TASK TO CARRY OUT =>
Every entry is to be returned exactly as it stands; the pictures are to be dropped.

AVAILABLE DATA =>
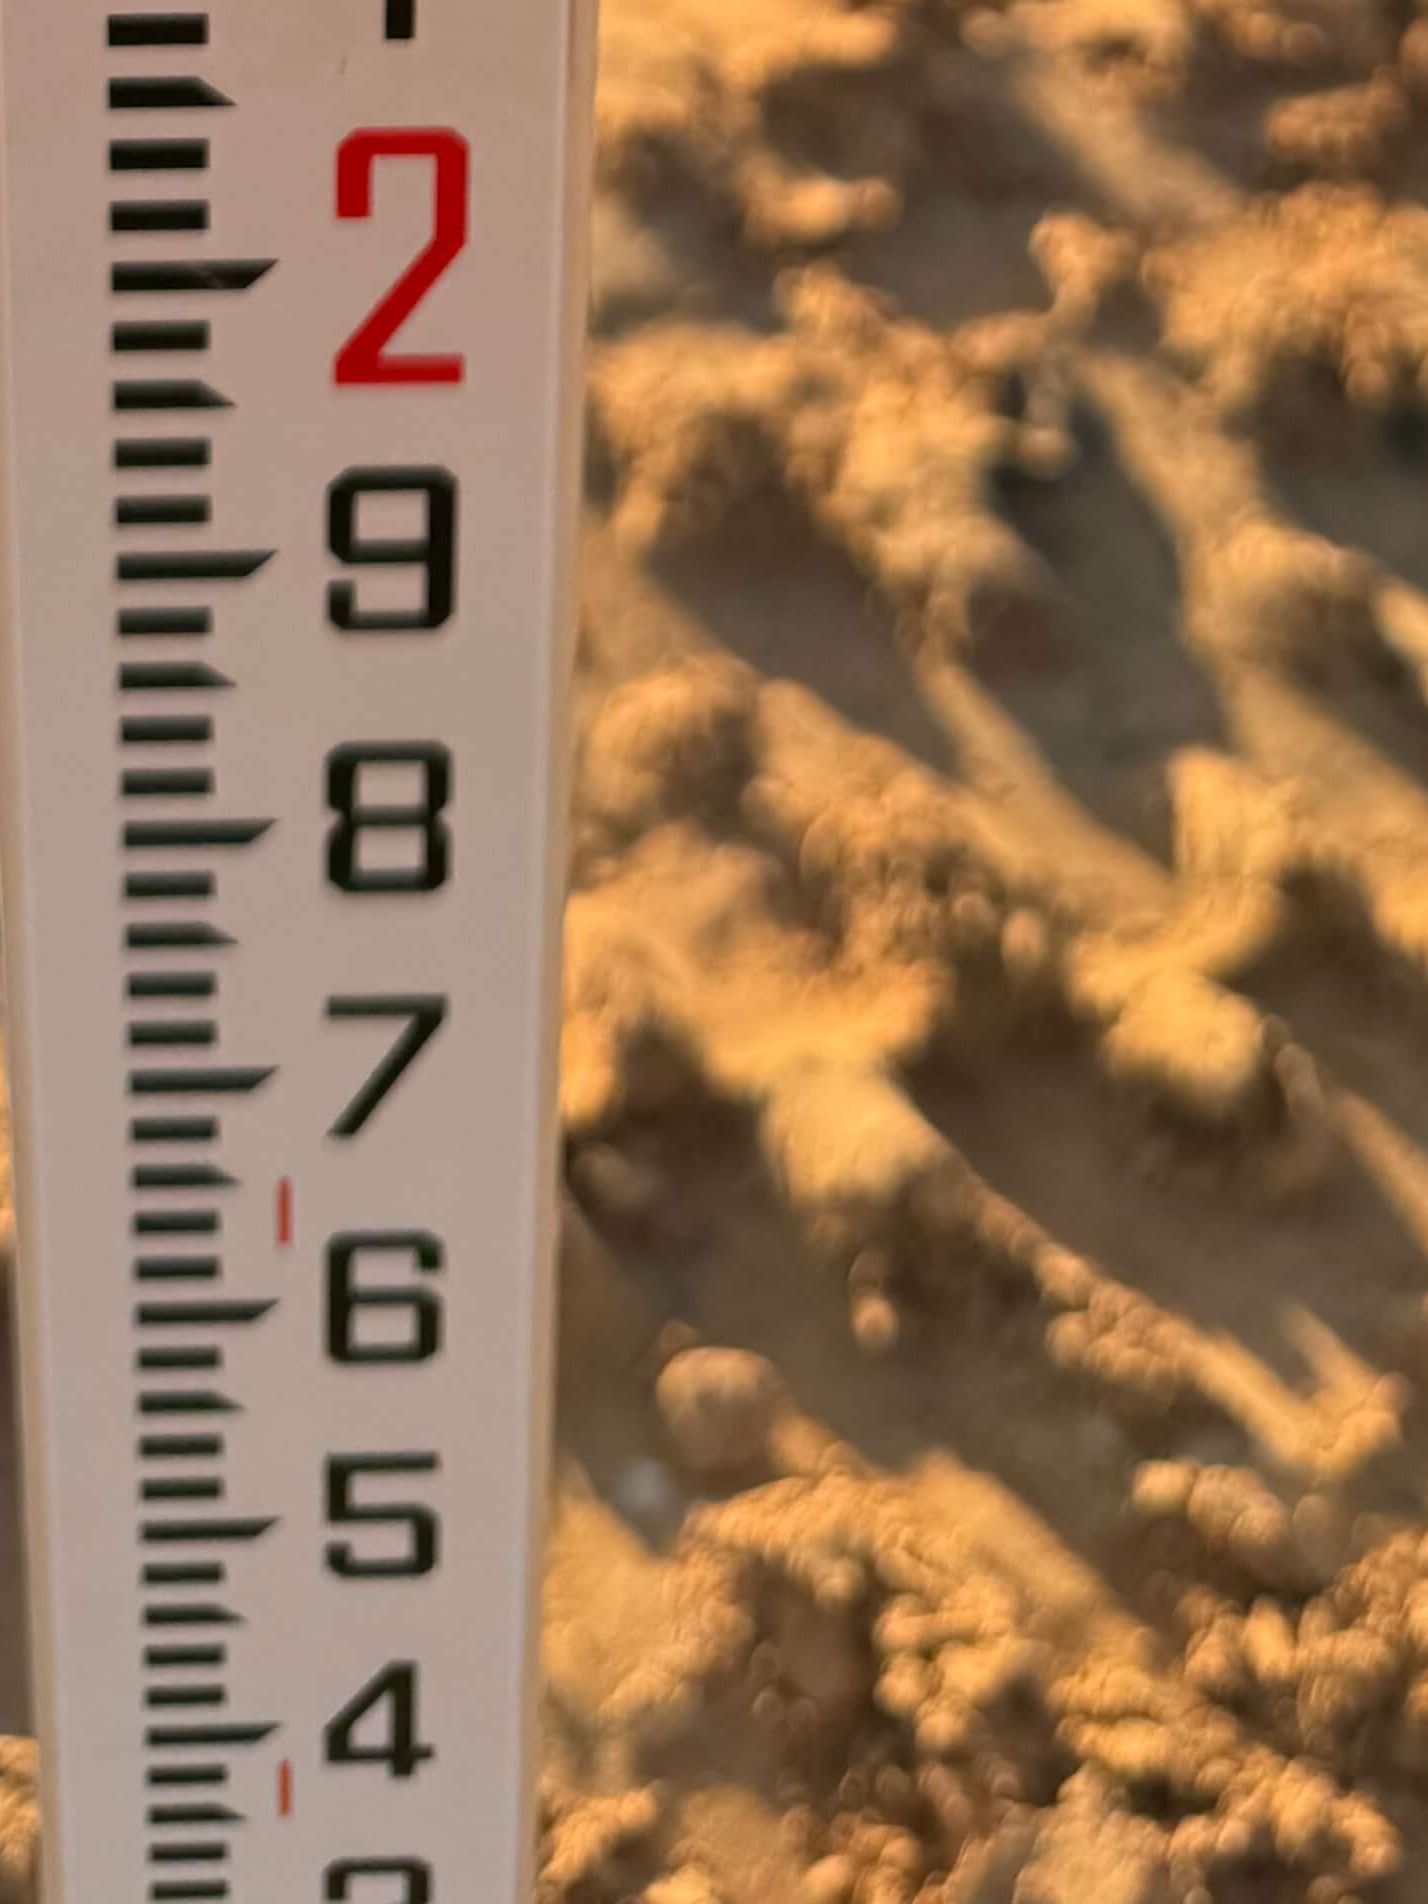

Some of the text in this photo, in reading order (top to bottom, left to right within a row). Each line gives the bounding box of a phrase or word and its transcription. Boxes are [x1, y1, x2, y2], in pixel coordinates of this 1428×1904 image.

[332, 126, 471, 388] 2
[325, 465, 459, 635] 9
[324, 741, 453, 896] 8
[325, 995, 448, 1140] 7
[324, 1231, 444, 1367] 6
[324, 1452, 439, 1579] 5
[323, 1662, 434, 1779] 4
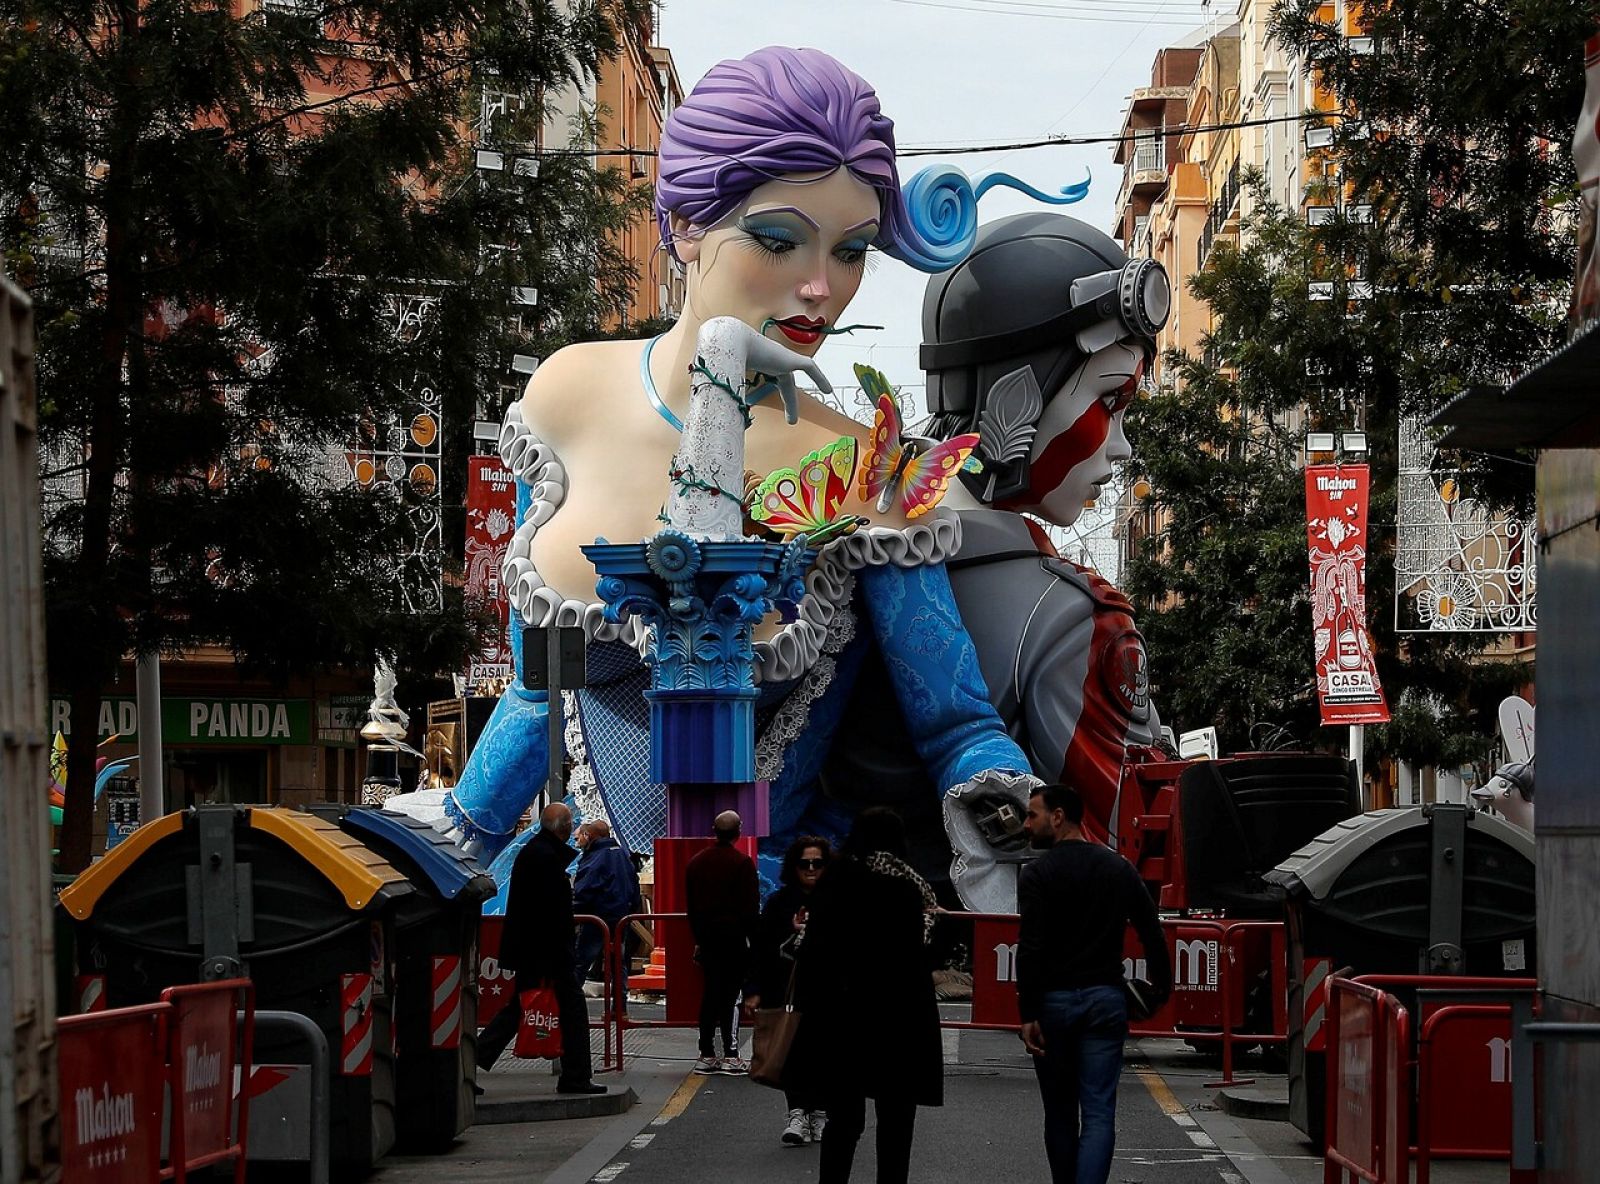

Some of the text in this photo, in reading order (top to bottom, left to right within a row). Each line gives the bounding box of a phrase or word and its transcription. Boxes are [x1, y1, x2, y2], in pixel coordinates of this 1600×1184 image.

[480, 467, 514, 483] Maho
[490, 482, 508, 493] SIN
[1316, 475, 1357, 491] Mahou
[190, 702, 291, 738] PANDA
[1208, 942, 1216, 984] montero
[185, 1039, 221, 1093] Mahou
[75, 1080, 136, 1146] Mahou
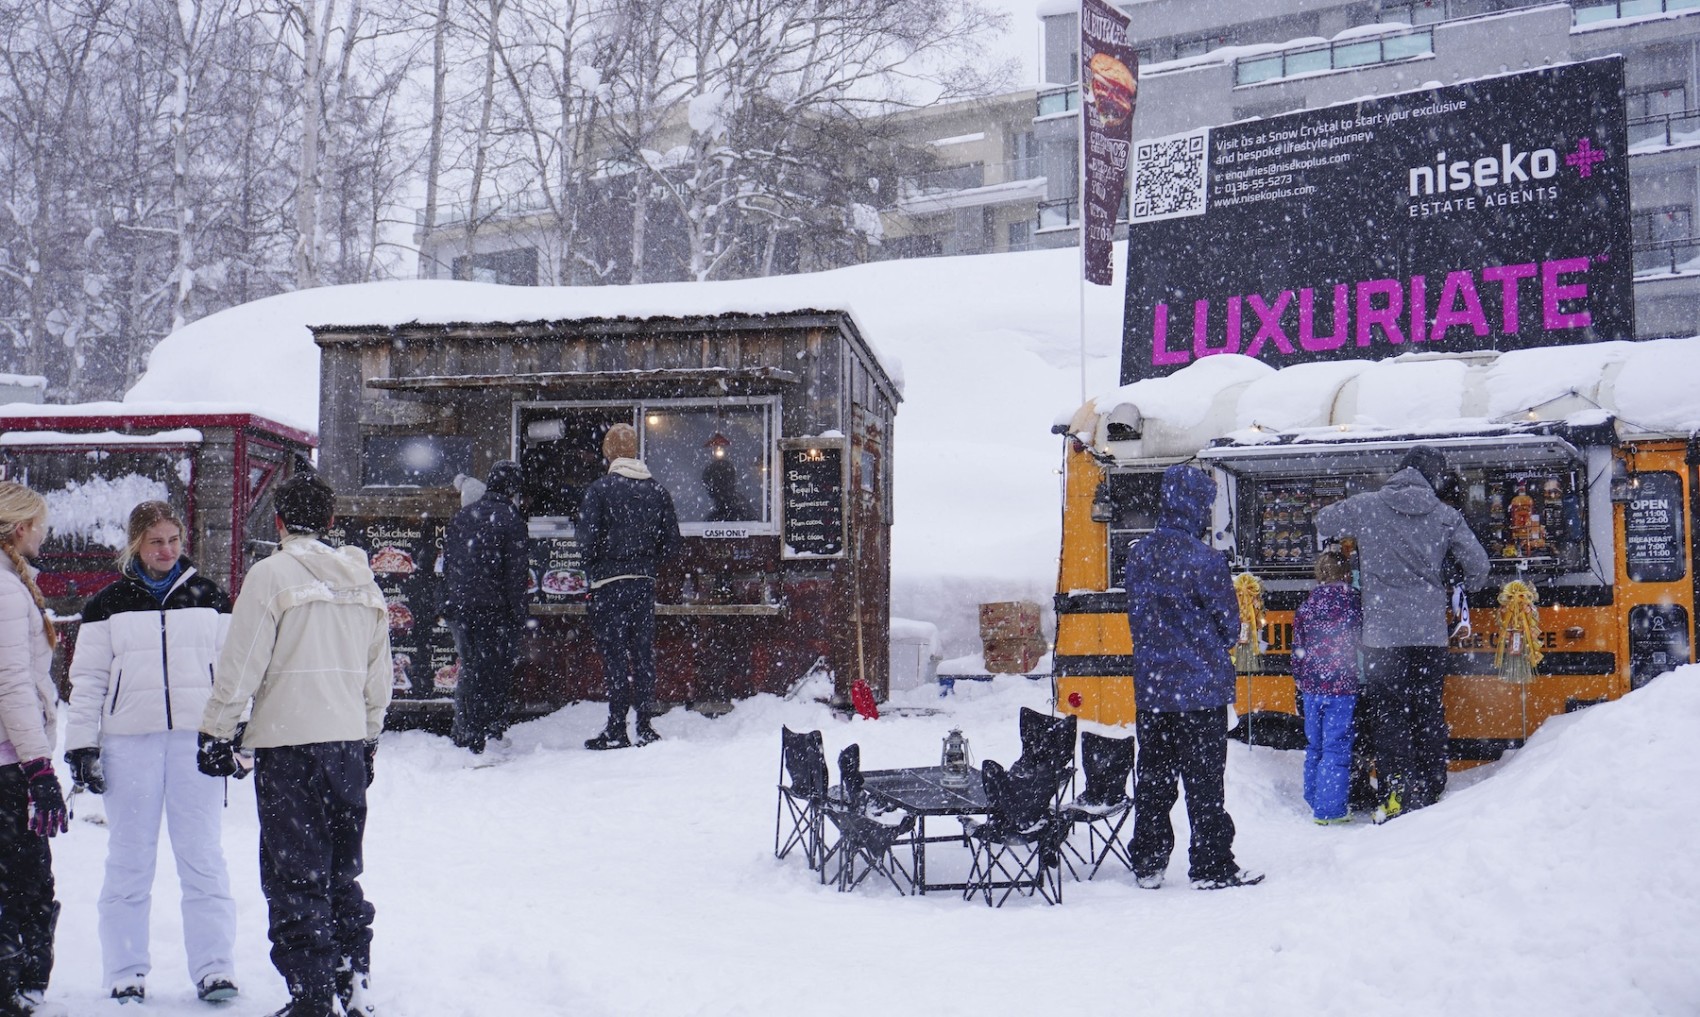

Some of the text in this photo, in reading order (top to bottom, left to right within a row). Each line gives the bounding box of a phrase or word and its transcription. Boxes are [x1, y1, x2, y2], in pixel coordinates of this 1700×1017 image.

REPLY TO THE EXERCISE =>
Some of the text in this photo, in reading order (top to bottom, left to right within a row). Each line gives the bounding box of a phrase or word and its transcription. Boxes are [x1, y1, x2, y2], in pixel coordinates of this 1428×1904 image.

[332, 126, 471, 388] 2
[325, 465, 459, 635] 9
[324, 741, 453, 896] 8
[325, 995, 448, 1140] 7
[324, 1231, 444, 1367] 6
[324, 1452, 439, 1579] 5
[323, 1662, 434, 1779] 4

Some of the text in this photo, in reading order (top to bottom, left to right within a row). Each line gives the bounding box of a phrase or word and its transcription. Boxes are [x1, y1, x2, y2], in pixel coordinates of this 1600×1184 image.

[480, 467, 514, 483] Maho
[490, 482, 508, 493] SIN
[1316, 475, 1357, 491] Mahou
[190, 702, 291, 738] PANDA
[1208, 942, 1216, 984] montero
[185, 1039, 221, 1093] Mahou
[75, 1080, 136, 1146] Mahou

Some of the text in this photo, in reading order (top to bottom, left to right within a row). Each line gives the bounding box of a phrase or word and its transcription. Boxes are [x1, y1, x2, y2], in pixel coordinates of this 1700×1017 image.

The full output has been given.